MARKETING SERVICES AGREEMENT
EX-10.1 2 exhibit101marketingservice.htm EXHIBIT 10.1 MARKETING SERVICES AGREEMENT Exhibit
Exhibit 10.1
Confidential Treatment has been requested for the redacted portions of this agreement. The redactions are indicated with six asterisks (******). A complete version of this agreement has been filed separately with the Securities and Exchange Commission.

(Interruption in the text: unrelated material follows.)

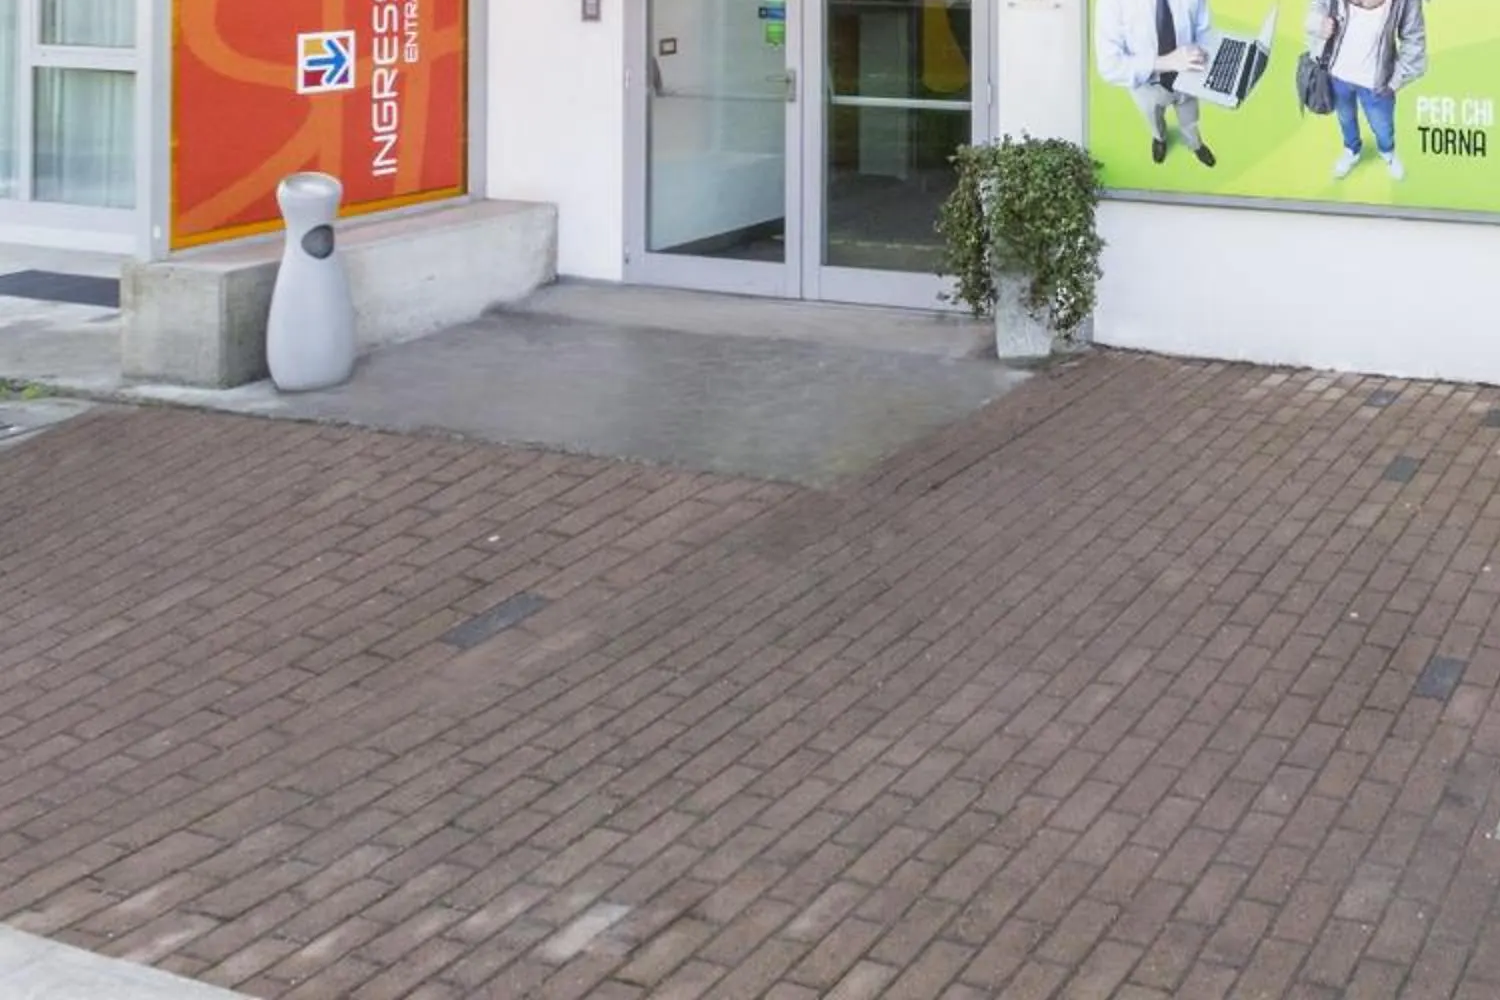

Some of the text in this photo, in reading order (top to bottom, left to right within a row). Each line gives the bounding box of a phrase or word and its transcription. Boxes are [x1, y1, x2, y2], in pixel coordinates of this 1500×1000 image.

[1416, 95, 1494, 127] PER CHI
[1418, 127, 1486, 158] TORNA
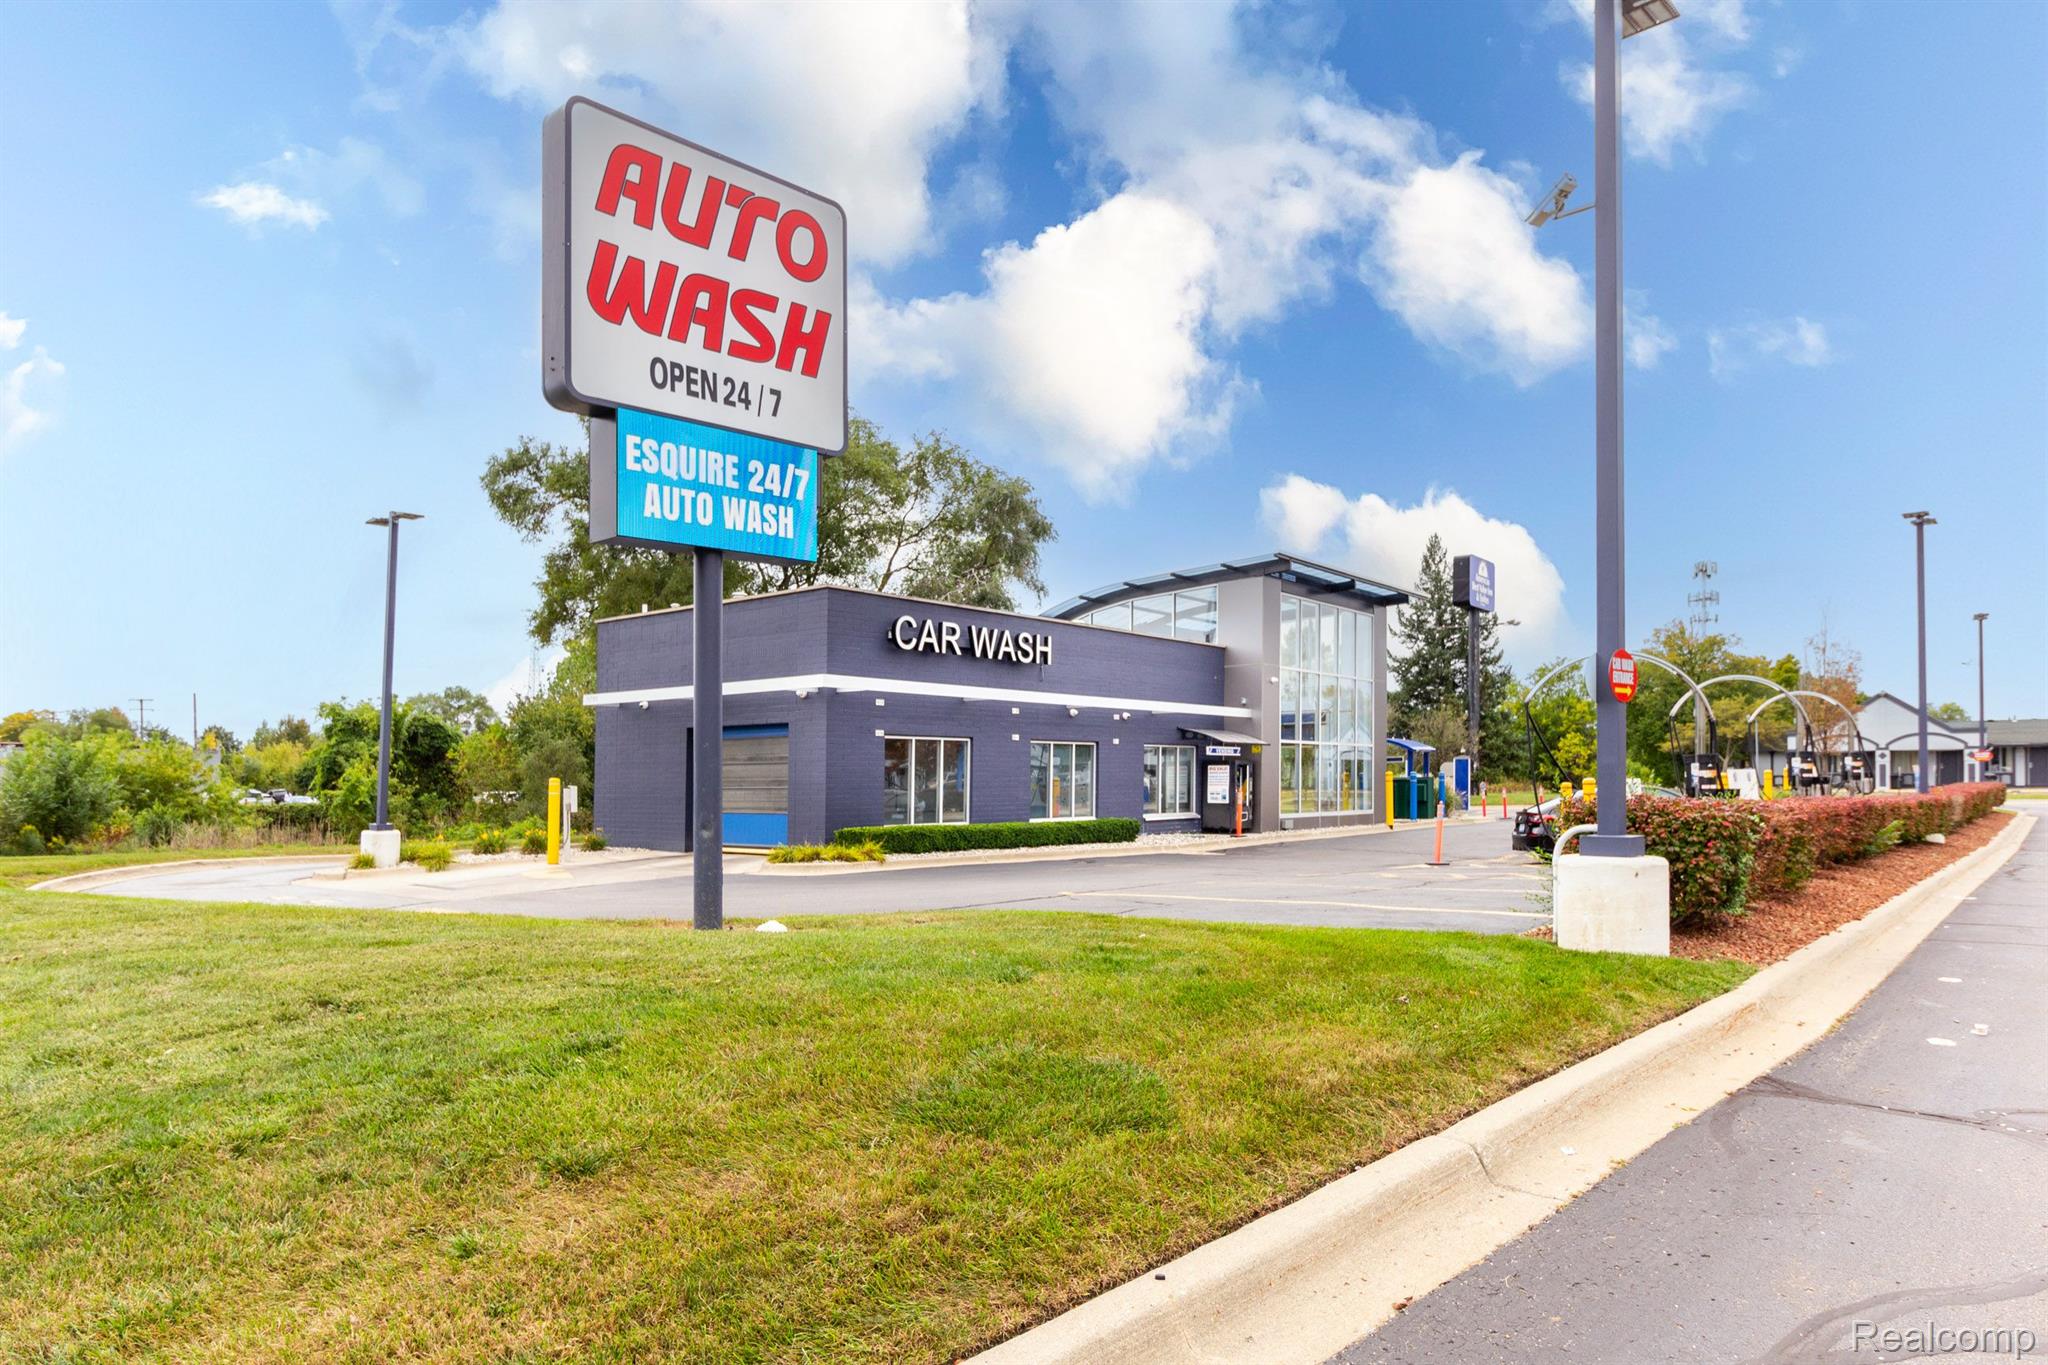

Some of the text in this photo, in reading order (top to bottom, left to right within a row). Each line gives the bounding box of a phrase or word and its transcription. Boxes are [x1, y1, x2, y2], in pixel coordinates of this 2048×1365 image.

MARKETING SERVICES AGREEMENT
This Marketing Services Agreement (this “Agreement”) is entered into as of May 31, 2017 (“Effective Date”) by and between USD Marketing LLC, a Delaware limited liability company (“USDM”) and Stroud Crude Terminal LLC, a Delaware limited liability company (“SCT”). USDM and SCT are individually referred to herein as a “Party” and collectively as the “Parties”.
RECITALS:
(A) | SCT intends to (i) own and operate that certain crude-by-rail offloading facility in Stroud, Oklahoma and (ii) contract for rights to utilize a pipeline connecting such facility to a tank farm in Cushing, Oklahoma (the provision of crude-by-rail transloading and transportation services through the pipeline to the tank farm, together with any expansions of those operations in accordance with the terms of this Agreement, are herein collectively referred to as the “Terminalling Services”); |
(B) | The Terminalling Services and the associated facilities and assets are located on real property described on Exhibit A attached hereto (such real property, facilities and assets are herein collectively referred to as the “Stroud Terminal”); |
(C) | Concurrently with this Agreement, SCT has entered into a terminal services agreement (“****** TSA”) with ****** to make available Terminalling Services at the Stroud Terminal for a specified minimum barrels of throughput per month (“****** Commitment”) at the Stroud Terminal until June 30, 2020, as such period may be extended or earlier terminated pursuant to the terms of the ****** TSA (“****** TSA End Date”); |
(D) | SCT desires that USDM market, on an exclusive basis, the Terminalling Services available at the Stroud Terminal in excess of the ****** Commitment, and USDM is willing to provide such marketing services, all in accordance with the terms and conditions of this Agreement; and |
(E) | SCT desires to grant USDM, on an exclusive basis, certain development rights with respect to the Stroud Terminal, all in accordance with the terms and conditions of this Agreement. |
NOW, THEREFORE, IT IS AGREED between the Parties as follows:
1. | Appointment; Scope of Services |
1.1 | SCT hereby designates and appoints USDM as the exclusive marketer of, and USDM hereby accepts such appointment to market, the Available Services at the Stroud Terminal pursuant and subject to the terms and conditions set forth in this Agreement. “Available Services” means: |
(a) | the available Terminalling Services at the Stroud Terminal in excess of the ****** Commitment from the Effective Date until the ****** TSA End Date; and |
(b) | the total Terminalling Services available following the ****** TSA End Date at the Stroud Terminal. |
SCT shall update USDM from time to time on the un-contracted quantity of Available Services.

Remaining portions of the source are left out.